There’s that wonderful illness that incapacitates you from all responsibilities and just leaves you to lay in bed thinking about the most interesting things with just enough strength to pick up the books at your bedside which are conveniently piled there for you. (At an extreme, Robert Wyatt described recovering from the fall that left him paraplegic as an experience like this. I’m not so stoic, but it did produce Rock Bottom, so I can’t argue with the man.) Then there is the sickness that removes from you all your capacities one by one: movement, balance, sensation, thought, comfort, digestion, respiration. I had the latter.

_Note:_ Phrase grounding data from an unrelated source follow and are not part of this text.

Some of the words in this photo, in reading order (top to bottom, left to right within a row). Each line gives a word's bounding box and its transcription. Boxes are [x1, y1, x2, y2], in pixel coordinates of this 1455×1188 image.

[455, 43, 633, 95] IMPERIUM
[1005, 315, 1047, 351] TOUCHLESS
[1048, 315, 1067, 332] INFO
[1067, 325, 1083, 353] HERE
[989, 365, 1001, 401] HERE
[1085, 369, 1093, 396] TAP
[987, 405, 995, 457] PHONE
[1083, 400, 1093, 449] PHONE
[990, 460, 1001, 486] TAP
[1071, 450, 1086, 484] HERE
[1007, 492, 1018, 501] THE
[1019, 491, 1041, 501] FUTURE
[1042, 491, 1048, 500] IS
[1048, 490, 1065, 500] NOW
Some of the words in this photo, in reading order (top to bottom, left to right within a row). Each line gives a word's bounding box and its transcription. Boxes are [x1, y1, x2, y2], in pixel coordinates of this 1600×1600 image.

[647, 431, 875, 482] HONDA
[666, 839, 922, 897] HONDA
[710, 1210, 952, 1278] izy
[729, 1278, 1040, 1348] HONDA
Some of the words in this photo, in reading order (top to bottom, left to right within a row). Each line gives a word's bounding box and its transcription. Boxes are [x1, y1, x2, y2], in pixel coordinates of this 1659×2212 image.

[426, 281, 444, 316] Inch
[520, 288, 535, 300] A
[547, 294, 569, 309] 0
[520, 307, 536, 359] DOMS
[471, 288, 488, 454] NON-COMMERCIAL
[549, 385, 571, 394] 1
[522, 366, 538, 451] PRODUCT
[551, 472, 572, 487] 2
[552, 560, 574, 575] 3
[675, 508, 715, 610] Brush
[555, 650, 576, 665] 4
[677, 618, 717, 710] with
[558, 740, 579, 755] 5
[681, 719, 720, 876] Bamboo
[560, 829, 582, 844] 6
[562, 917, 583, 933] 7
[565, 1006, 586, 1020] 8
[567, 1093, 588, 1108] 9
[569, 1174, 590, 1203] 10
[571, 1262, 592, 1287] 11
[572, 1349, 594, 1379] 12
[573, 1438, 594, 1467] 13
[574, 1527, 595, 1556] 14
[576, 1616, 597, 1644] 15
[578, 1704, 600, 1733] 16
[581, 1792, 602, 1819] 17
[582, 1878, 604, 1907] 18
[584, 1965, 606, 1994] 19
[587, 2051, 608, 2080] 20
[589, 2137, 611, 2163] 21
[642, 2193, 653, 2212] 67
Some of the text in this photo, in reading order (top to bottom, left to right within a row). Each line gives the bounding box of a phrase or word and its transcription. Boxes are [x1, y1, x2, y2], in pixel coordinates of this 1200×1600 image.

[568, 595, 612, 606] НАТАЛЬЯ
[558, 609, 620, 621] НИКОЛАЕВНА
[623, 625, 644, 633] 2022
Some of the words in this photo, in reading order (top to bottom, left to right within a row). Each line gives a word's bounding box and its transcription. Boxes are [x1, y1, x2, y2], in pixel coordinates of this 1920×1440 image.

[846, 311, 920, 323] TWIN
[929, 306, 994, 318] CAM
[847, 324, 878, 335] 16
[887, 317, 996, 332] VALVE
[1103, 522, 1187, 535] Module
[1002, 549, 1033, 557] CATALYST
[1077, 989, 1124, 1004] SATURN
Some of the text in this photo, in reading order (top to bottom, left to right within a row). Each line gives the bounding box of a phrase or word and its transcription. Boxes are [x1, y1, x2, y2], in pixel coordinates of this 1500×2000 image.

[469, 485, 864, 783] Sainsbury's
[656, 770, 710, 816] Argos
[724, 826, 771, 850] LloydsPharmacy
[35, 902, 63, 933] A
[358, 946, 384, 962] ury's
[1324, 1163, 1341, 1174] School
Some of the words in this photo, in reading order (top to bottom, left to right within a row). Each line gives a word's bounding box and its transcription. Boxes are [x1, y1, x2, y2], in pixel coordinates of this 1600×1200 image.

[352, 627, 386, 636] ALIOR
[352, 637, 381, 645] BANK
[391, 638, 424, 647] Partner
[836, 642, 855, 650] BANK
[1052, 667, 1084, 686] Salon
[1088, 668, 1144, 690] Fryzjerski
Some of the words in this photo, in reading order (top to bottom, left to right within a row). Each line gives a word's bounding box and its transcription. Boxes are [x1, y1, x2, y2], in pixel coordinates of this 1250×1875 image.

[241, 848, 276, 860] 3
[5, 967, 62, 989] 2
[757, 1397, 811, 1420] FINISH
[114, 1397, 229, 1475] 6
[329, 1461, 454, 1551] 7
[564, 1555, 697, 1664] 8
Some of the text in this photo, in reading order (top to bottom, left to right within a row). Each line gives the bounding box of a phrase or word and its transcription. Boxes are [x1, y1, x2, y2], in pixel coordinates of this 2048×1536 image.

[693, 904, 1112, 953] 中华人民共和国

I don’t know if swine flu is always so bad but for me it was, and for nearly a week I was reduced to the simplest thoughts and simplest sentences breathed shallowly through my throat. Hans Castorp was a distant fantasy; if only I could be relaxing in a mountain resort having conversations with blowhards. If only I were restricted to a Parisian apartment with pages and pages of novel drafts of which my mind were acutely aware. Even the sharp recollections of the nearly-quadriplegic character of Adam Mars-Jones’s Pilcrow seemed enviable as my skin burned with every contact with furniture, fabric, sheets, water, and air. I thought more of Lawrence Sterne and his miserable years during which he amused himself with Tristram Shandy, and all those years Martin Luther spent on the toilet while working out his theses. And above all I suppose I thought of this, since I first saw it when I was 13 years old and it made such a primal impression on me:
I don’t know what the sequence is supposed to be, but after the desperation and the fear that arises from briefly losing faith that one will ever get better and that full mental facilities will ever again be at one’s reach (and this is just from a week), there was then the anger that I had put up with anything out of disposition or laziness and frustration with myself that I hadn’t taken things more seriously when this sort of sickness was just around the corner. This is the stereotypical response, I understand, after which most people don’t change their lives one bit at all. It’s some kind of survival response.
14 November 2009 at 01:55
Sounds simply awful – I do hope you have made a full recovery, or are at least more than half-way there. And don’t beat yourself up about the natural shallowness of health just yet. You’re entitled to enjoy it a little bit!
14 November 2009 at 06:19
I’m just glad you made it. I keep reading about people our age who didn’t…
16 November 2009 at 21:24
Hope you’ve continued to recover… strange thing about being terribly ill: difficult to imagine the reality after it’s over. I’ll use your account to encourage my sons to get shot.